* About this task: Word for word, write out all the entries below, omitting every picture.

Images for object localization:
·····
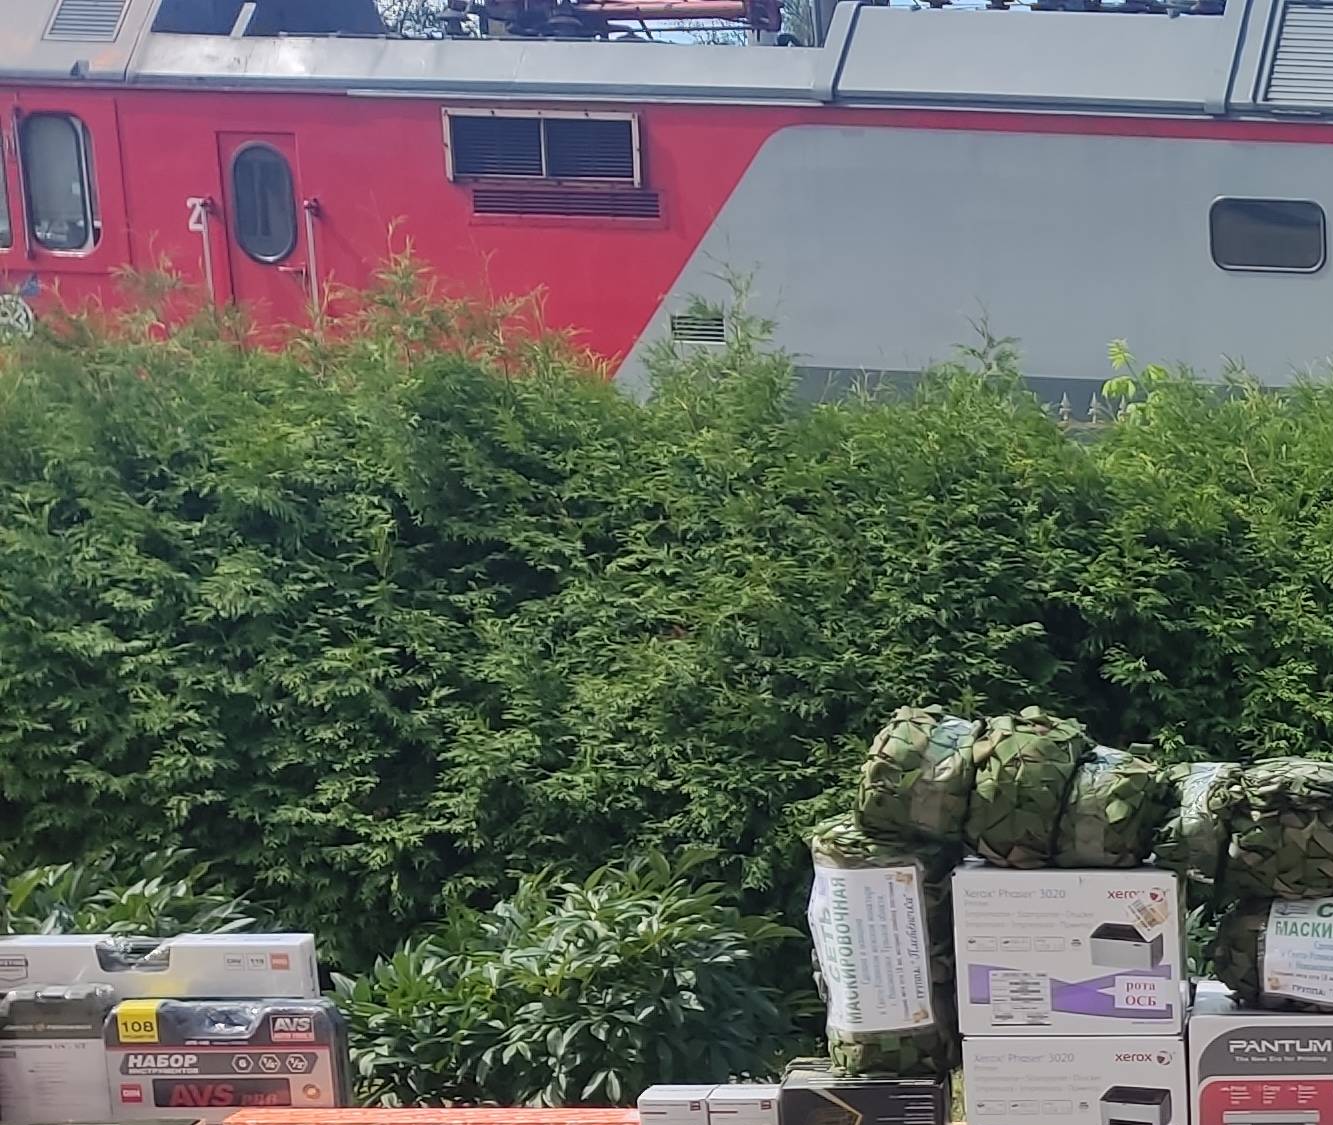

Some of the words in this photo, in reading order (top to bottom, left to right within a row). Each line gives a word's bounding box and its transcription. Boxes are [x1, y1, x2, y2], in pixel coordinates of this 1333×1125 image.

[1039, 888, 1066, 899] 3020
[1107, 889, 1145, 900] xero
[818, 906, 842, 983] СЕТЬ
[831, 876, 863, 1024] МАСКИРОВОЧНАЯ
[1125, 982, 1156, 994] рота
[1125, 996, 1156, 1007] ОСБ
[121, 1021, 154, 1033] 108
[273, 1017, 310, 1032] AVS
[1229, 1039, 1332, 1053] PANTUM
[128, 1054, 198, 1068] НАБОР
[1115, 1051, 1152, 1063] xerox
[168, 1083, 234, 1107] AVS
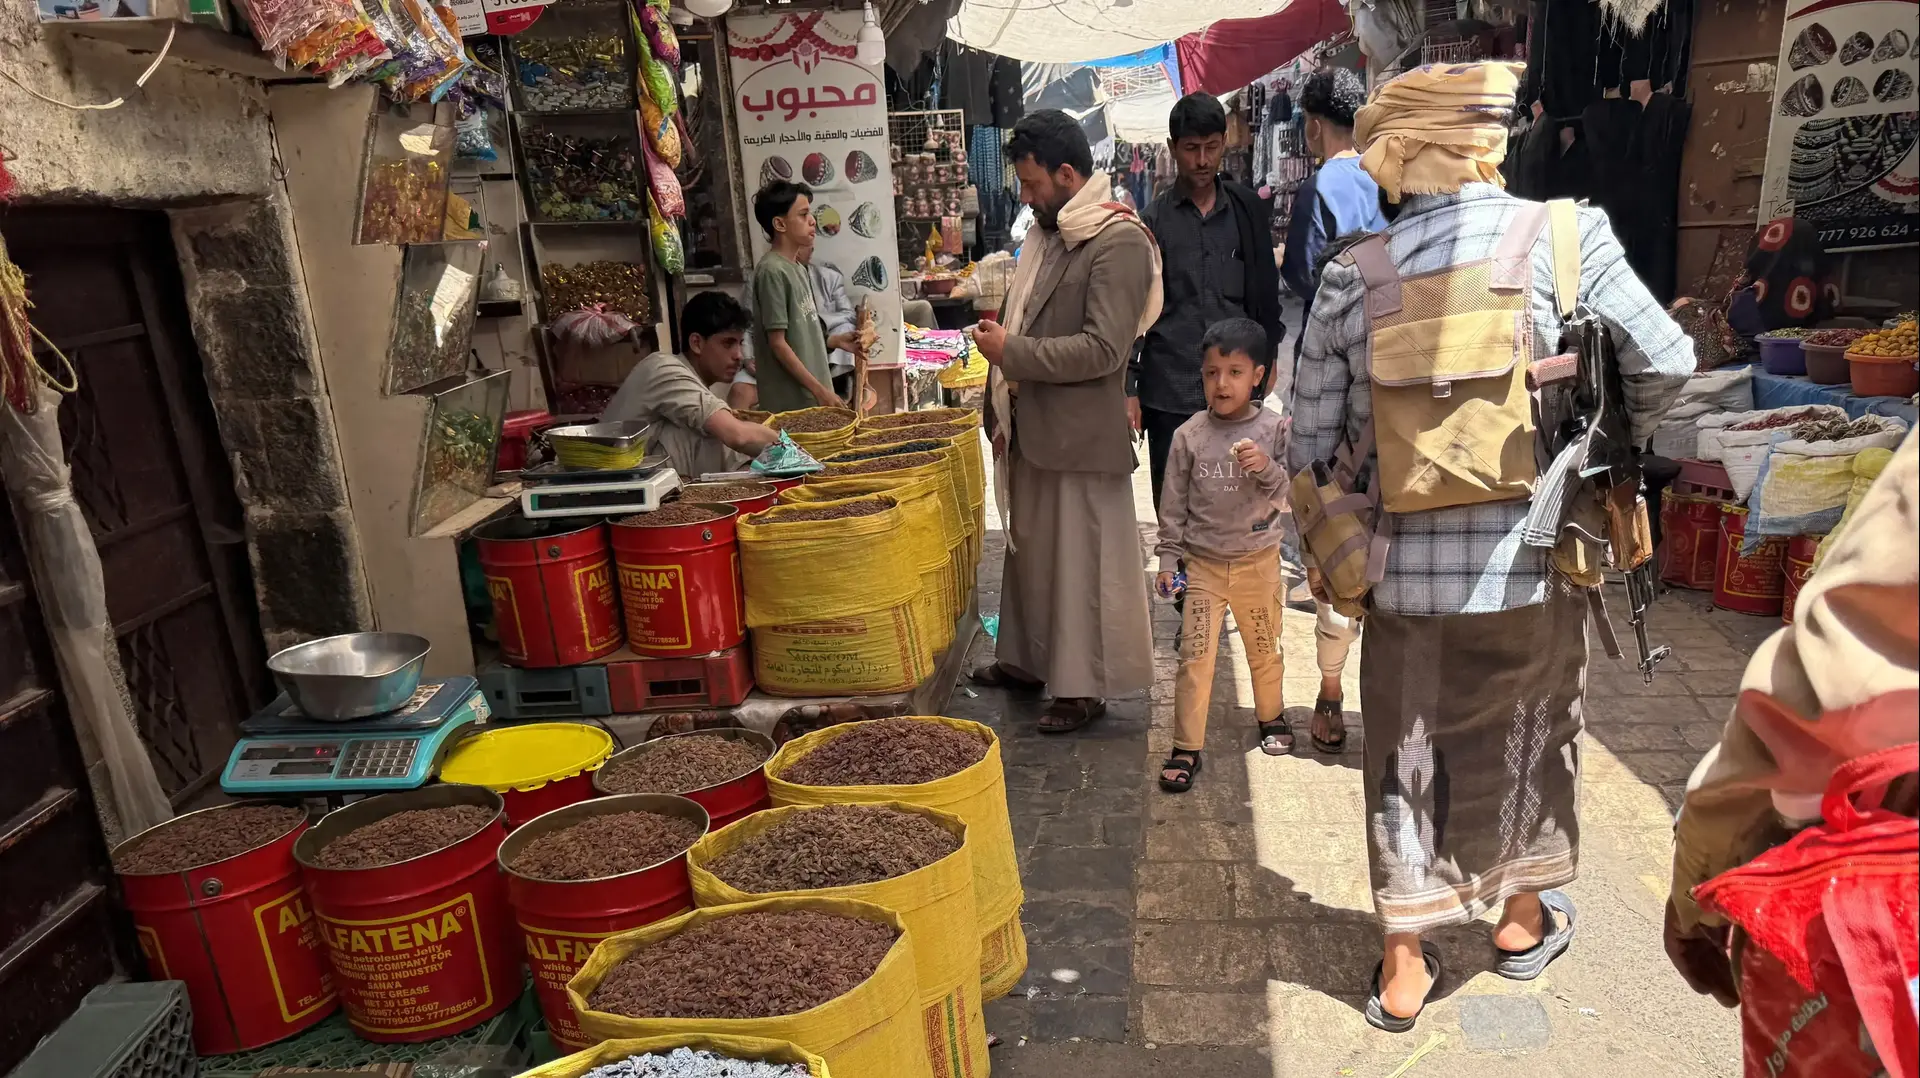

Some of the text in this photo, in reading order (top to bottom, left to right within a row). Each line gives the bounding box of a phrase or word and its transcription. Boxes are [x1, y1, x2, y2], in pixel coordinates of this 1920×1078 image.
·····
* Answer section:
Some of the words in this photo, in reading order (top to bottom, left to right within a row). Each line gives a word's bounding box and its transcription. Boxes are [x1, y1, x2, y2], in pixel coordinates of this 1333×1125 image.

[1039, 888, 1066, 899] 3020
[1107, 889, 1145, 900] xero
[818, 906, 842, 983] СЕТЬ
[831, 876, 863, 1024] МАСКИРОВОЧНАЯ
[1125, 982, 1156, 994] рота
[1125, 996, 1156, 1007] ОСБ
[121, 1021, 154, 1033] 108
[273, 1017, 310, 1032] AVS
[1229, 1039, 1332, 1053] PANTUM
[128, 1054, 198, 1068] НАБОР
[1115, 1051, 1152, 1063] xerox
[168, 1083, 234, 1107] AVS

Some of the text in this photo, in reading order (top to bottom, left to right within a row). Each line gives the bounding box of a phrase or word and its transcription. Boxes are [x1, y1, x2, y2], in pixel coordinates of this 1920×1078 image.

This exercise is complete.